Many are confused when it comes to the various terms used to refer to doctors and types of treatment. Even the newer terms (e.g, alternative, holistic) have been used for decades yet there is still much uncertainty by those who are not participating or practicing in those areas.

My goal is for you to be best informed when you are seeking a doctor or practitioner and what kind of treatment or therapy that is best for you. Before we get into the descriptions and explanations of practitioner and therapy types, the first question is why should you care?

Why does it matter who and what you choose?

Some seek a magic pill to rid them of their frustrating symptom(s). That deceptive magic pill usually comes in the form of a medication that masks the symptom or makes it feel better so all is good right? It may appear as if it magically fixes your problem yet it is very deceiving.

Many times this “medication magic pill” just delays other problems from showing up and even causes additional health issues. Now, we cannot just blame medications as the sole “magic pill” as some seek natural or alternative therapies to treat their symptoms. Rather than treat your symptoms and continue to do so as more pop up and you are possibly diagnosed with additional conditions, wouldn’t you rather seek to understand what is behind all the issues? Sure, managing symptoms, especially when they are very uncomfortable or debilitating, is important but should not be your final objective. While you are treating your symptoms, why not proceed to determine the underlying reasons your symptoms are occurring?   Unless you just care about getting rid of your symptom in the short term but don’t care about your quality of life and longevity, uncovering and addressing the root cause is truly what your final goal should be.

Next, let’s look at types of practitioners and treatments so you can make more informed choices

What Kind of Practitioner Should You see?

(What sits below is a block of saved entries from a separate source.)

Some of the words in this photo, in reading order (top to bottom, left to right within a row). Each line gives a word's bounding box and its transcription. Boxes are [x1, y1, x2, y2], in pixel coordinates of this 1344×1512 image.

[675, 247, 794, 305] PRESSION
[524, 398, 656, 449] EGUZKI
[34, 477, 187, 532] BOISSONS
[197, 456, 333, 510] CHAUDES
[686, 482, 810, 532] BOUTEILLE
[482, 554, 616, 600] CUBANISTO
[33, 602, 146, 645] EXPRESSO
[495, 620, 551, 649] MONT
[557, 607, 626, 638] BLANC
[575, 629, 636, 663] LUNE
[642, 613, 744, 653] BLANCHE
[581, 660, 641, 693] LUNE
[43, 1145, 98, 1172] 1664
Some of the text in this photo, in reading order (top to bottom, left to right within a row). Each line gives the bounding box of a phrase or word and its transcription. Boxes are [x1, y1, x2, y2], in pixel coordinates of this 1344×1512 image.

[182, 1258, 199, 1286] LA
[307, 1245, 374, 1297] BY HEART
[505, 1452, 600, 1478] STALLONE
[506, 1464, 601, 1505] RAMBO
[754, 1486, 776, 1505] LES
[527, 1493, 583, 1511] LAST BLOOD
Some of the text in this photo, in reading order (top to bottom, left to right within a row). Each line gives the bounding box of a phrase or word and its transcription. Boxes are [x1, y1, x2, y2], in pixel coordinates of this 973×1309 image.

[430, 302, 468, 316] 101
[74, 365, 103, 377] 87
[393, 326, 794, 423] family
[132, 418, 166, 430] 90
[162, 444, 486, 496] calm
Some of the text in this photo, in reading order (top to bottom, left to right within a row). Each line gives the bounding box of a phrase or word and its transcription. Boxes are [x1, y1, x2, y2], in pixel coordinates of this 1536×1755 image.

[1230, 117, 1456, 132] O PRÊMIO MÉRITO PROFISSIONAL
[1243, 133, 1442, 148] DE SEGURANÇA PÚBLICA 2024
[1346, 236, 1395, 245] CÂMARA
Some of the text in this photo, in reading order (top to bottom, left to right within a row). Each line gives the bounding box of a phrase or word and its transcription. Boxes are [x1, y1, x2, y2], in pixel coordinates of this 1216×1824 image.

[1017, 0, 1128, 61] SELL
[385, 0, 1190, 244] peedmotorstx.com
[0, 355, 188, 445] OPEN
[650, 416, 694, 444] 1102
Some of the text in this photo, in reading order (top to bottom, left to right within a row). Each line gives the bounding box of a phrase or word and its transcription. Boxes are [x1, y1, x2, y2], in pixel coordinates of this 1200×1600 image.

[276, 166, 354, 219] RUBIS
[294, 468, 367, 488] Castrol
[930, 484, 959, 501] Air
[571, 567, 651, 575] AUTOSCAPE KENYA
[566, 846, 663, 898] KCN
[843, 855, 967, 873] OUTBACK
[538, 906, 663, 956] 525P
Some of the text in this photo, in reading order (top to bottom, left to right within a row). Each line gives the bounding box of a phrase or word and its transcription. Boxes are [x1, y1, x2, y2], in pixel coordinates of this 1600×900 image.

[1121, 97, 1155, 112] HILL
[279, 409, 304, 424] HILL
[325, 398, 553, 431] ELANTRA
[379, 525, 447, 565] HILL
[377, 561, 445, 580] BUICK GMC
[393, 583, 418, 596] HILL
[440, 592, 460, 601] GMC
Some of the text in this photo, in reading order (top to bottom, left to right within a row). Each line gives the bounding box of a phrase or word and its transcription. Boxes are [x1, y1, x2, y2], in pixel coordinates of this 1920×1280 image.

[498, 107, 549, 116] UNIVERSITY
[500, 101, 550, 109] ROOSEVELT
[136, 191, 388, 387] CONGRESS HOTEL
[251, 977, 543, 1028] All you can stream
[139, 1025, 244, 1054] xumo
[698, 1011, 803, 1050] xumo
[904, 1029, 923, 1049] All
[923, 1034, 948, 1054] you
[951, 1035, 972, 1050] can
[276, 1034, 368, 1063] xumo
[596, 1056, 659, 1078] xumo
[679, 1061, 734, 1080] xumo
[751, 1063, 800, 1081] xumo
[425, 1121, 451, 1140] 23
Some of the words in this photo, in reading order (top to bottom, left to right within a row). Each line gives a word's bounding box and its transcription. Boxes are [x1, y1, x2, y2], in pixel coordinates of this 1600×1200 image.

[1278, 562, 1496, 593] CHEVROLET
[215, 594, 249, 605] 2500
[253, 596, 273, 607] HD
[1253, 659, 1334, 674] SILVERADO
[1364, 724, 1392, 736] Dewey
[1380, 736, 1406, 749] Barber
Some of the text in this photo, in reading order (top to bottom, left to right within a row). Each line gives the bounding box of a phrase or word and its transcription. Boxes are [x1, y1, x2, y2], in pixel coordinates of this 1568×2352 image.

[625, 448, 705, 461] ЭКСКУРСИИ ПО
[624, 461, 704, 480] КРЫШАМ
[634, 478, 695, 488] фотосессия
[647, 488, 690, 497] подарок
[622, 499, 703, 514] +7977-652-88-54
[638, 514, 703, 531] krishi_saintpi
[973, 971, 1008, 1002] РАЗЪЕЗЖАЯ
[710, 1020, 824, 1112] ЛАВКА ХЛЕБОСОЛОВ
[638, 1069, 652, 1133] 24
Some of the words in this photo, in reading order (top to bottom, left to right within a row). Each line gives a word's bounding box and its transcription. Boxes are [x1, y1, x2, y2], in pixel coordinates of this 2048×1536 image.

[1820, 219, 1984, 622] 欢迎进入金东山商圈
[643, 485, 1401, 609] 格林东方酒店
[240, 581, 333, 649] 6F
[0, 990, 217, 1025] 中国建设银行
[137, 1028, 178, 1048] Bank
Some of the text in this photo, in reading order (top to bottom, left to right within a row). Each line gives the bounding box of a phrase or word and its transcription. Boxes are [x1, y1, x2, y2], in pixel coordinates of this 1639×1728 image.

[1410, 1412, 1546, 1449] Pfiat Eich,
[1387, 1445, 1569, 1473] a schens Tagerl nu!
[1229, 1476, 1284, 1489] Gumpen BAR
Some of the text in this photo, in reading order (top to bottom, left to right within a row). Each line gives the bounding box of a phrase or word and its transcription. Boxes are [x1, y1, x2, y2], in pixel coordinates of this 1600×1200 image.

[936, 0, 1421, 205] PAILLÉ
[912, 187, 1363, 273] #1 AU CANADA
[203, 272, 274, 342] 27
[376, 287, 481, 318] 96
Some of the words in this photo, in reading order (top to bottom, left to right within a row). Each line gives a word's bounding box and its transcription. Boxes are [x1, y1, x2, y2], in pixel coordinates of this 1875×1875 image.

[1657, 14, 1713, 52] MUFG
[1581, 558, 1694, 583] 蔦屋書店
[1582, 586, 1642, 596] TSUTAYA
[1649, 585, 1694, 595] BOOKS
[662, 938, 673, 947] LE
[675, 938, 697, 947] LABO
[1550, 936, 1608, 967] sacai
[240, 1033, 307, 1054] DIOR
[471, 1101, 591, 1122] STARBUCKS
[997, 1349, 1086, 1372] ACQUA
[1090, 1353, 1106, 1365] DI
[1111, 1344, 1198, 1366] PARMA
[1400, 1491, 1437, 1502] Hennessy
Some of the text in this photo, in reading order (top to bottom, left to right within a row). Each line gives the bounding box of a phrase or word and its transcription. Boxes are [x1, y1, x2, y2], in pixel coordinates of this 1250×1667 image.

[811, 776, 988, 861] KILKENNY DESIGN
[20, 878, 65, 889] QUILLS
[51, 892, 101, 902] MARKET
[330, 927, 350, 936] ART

Depending on your symptoms or condition, you want to choose the practitioner that can treat you most appropriately. If you are dealing with a more acute situation such as one that is more sudden and severe, you would want to seek conventional treatment or possibly go to the hospital. These may include events such as a life threatening allergic reaction, a broken bone, you are suddenly having difficulty breathing, you are having an abrupt severe attack, etc.

If you have been dealing with symptoms that have been persistent and not suddenly life threatening, you may want to visit a functional or integrative medicine practitioner. This may include symptoms such as digestive problems, relentless fatigue, headaches, joint or muscle aches, skin conditions, arthritis, or diagnosis involving autoimmune conditions, cardiovascular disease, diabetes, or other chronic conditions.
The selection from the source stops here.